Les indications contenues sur ces bordereaux, numérotés par ordre chronologique, sont transcrites sur le registre des transactions au plus tard à la fin de chaque journée. Toutefois, les indications relatives aux opérations dont le montant est supérieur à 8 000 euros sont immédiatement enregistrées . elles sont reportées sur une partie spécifique du registre prévue à cet effet.
Le changeur manuel doit se doter d’une organisation et de procédures comptables permettant de s’assurer du respect des dispositions de la loi du 12 juillet 1990 (intégrée dans le Code monétaire et financier) et des textes réglementaires pris pour son application, ainsi que d’un système de contrôle interne destiné à s’assurer de leur mise en œuvre effective.
Le changeur manuel doit adresser à la Direction de la balance des paiements de la Banque de France, au plus tard le 15 de chaque mois, un relevé mensuel de ses opérations, arrêté au soir du dernier jour ouvrable du mois précédent.
Ce relevé recense, pour chacune des principales devises indiquées par la Banque de France, les achats et ventes de billets de banque étrangers effectués au cours du mois auprès de la clientèle (toutefois, sont exclus les billets reçus en paiement de marchandises ou de prestations) ainsi que les encaisses détenues en fin de mois.

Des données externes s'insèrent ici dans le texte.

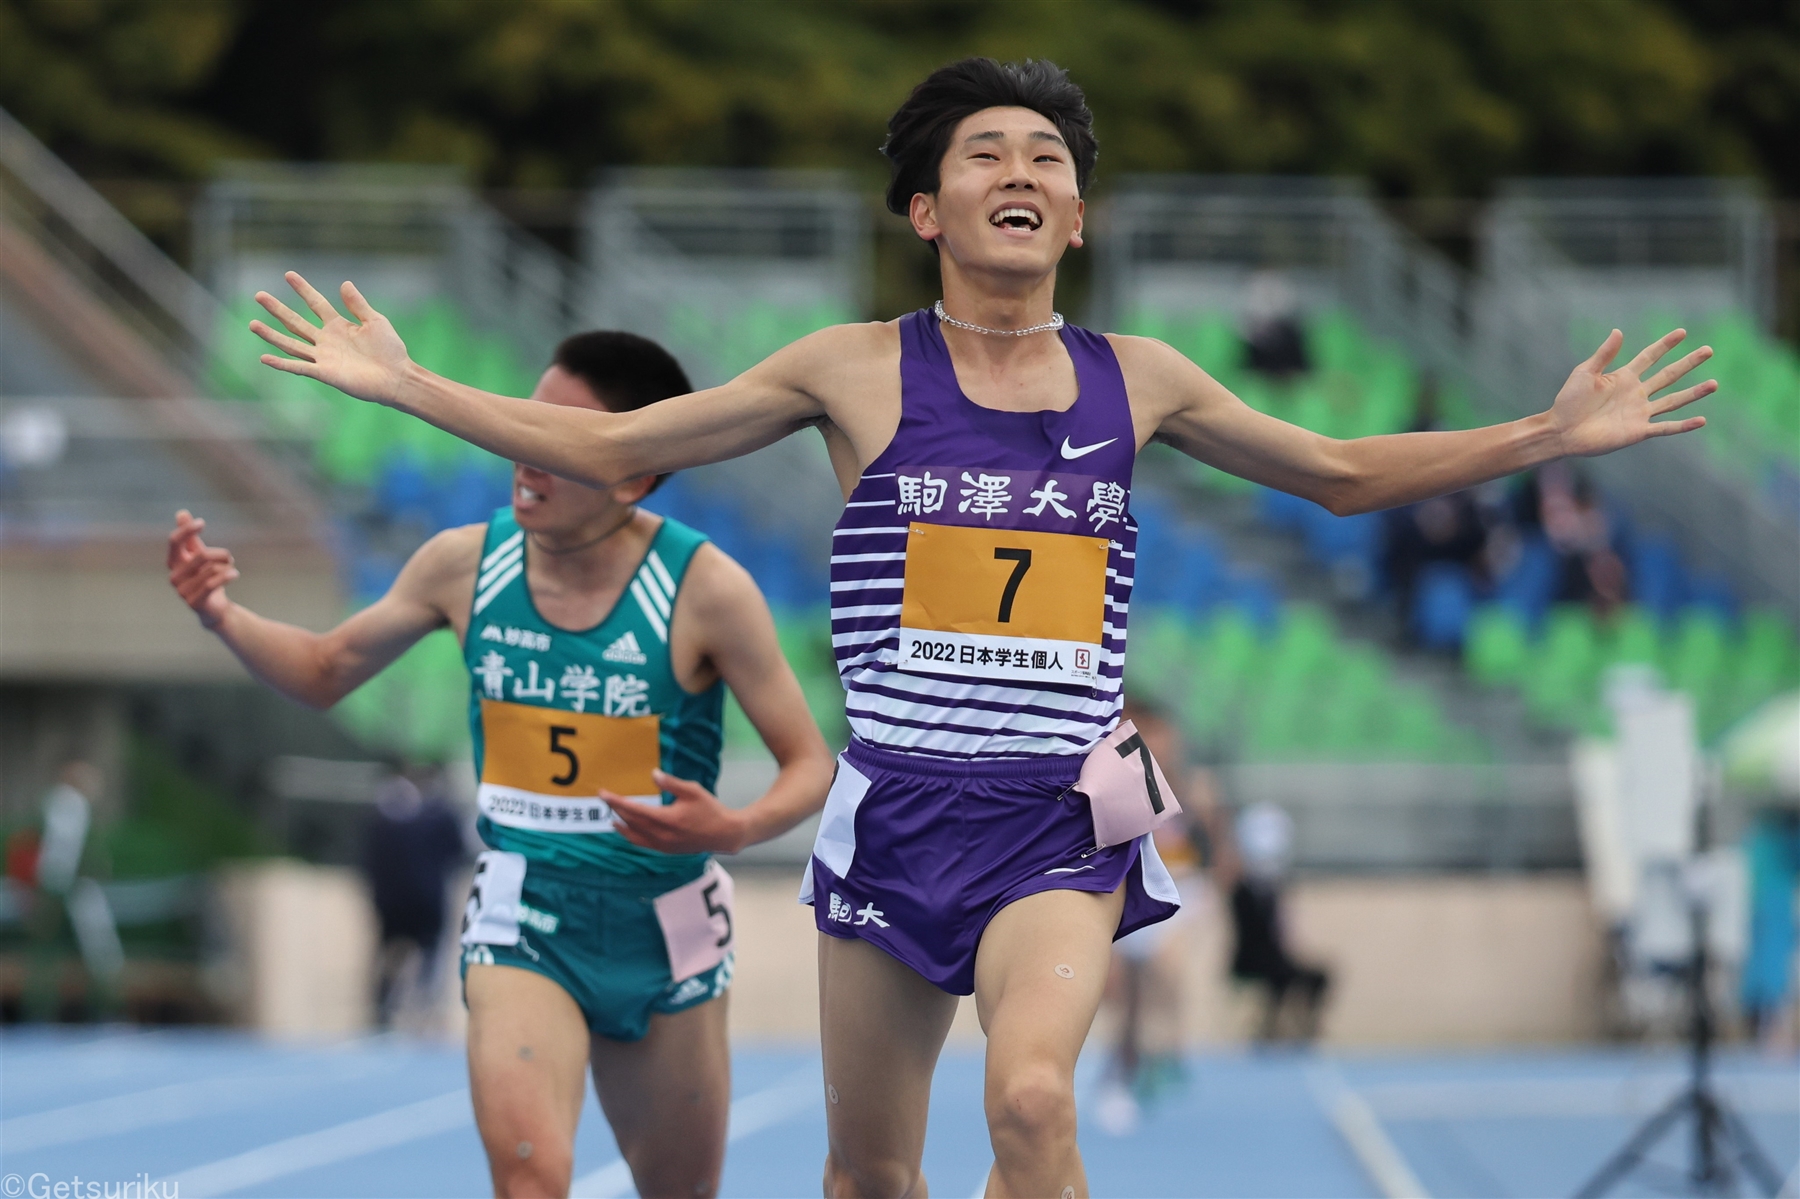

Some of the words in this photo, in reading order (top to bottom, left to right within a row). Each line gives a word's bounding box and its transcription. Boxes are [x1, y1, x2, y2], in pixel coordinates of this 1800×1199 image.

[897, 471, 1126, 533] 駒澤大學
[993, 547, 1033, 624] 7
[472, 649, 652, 718] 青山学院
[549, 725, 580, 787] 5
[1113, 731, 1166, 816] 7
[699, 879, 733, 948] 5
[827, 891, 891, 928] 駒大

Les opérations sur les autres devises sont recensées de façon globale pour leur contre-valeur en euros.
Toute modification apportée à l’un des éléments mentionnés dans la déclaration d’activité ou dans les documents qui l’accompagnent doit être déclarée, dans le délai d’un mois, sur papier libre, à la succursale de la Banque de France concernée.
Toutefois, les modifications relatives au capital ou à l’engagement de caution ainsi que la cessation d’activité doivent être notifiées sans délai.

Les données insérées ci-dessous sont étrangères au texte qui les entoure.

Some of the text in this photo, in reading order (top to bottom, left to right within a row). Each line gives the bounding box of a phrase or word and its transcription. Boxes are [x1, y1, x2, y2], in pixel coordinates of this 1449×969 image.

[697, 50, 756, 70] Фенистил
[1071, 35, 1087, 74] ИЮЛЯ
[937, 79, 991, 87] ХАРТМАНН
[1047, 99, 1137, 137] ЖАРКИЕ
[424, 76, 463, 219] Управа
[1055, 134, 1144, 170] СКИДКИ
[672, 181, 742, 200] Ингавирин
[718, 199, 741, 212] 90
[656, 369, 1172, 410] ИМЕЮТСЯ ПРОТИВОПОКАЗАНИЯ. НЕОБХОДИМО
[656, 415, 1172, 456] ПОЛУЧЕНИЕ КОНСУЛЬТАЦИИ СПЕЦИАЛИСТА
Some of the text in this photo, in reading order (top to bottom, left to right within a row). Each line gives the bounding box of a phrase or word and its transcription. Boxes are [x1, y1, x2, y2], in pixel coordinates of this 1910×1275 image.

Si un changeur manuel enfreint les dispositions des articles L. 520-1 et suivants du Code monétaire et financier ou des textes réglementaires pris pour l’application de ces articles, la commission bancaire peut prononcer l’une des sanctions disciplinaires suivantes :
- l’avertissement ;
- le blâme ;
- l’interdiction d’exercer la profession de changeur manuel.
En outre, la commission peut prononcer soit à la place, soit en sus de ces sanctions, une sanction pécuniaire au plus égale à un million d’euros. Les dirigeants de droit ou de fait peuvent être, sur décision de la commission, tenus solidairement au paiement de la sanction pécuniaire prononcée.